Action item
Every record below should be printed exactly, except for the pictures.

Provided records
☆ ☆ ☆ ☆

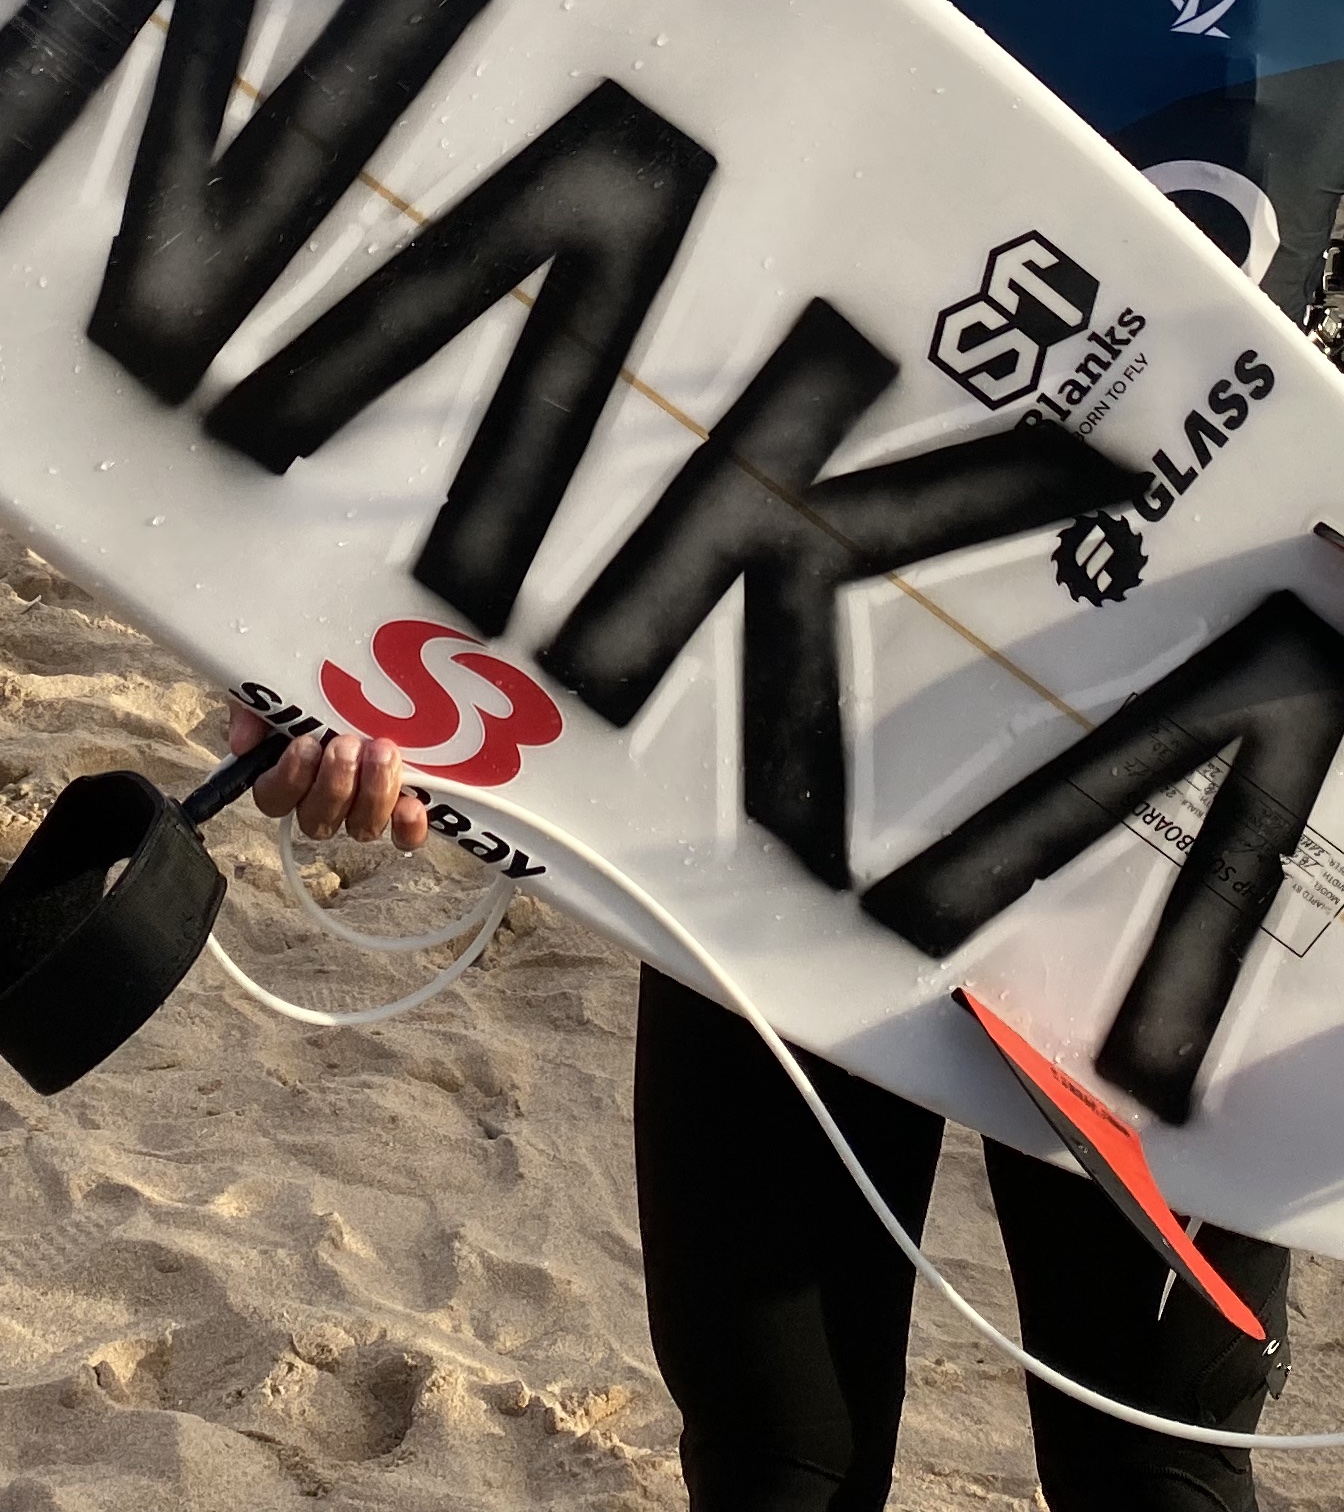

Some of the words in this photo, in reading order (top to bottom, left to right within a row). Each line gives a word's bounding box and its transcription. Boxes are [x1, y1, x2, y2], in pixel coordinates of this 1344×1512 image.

[937, 237, 1086, 402] ST
[1016, 307, 1147, 431] Blanks
[1104, 380, 1128, 401] TO
[1123, 352, 1149, 383] FLY
[1131, 349, 1276, 523] GLASS

☆ ☆ ☆ ☆

Solution
Some of the words in this photo, in reading order (top to bottom, left to right within a row). Each line gives a word's bounding box and its transcription. Boxes are [x1, y1, x2, y2], in pixel coordinates of this 1344×1512 image.

[937, 237, 1086, 402] ST
[1016, 307, 1147, 431] Blanks
[1104, 380, 1128, 401] TO
[1123, 352, 1149, 383] FLY
[1131, 349, 1276, 523] GLASS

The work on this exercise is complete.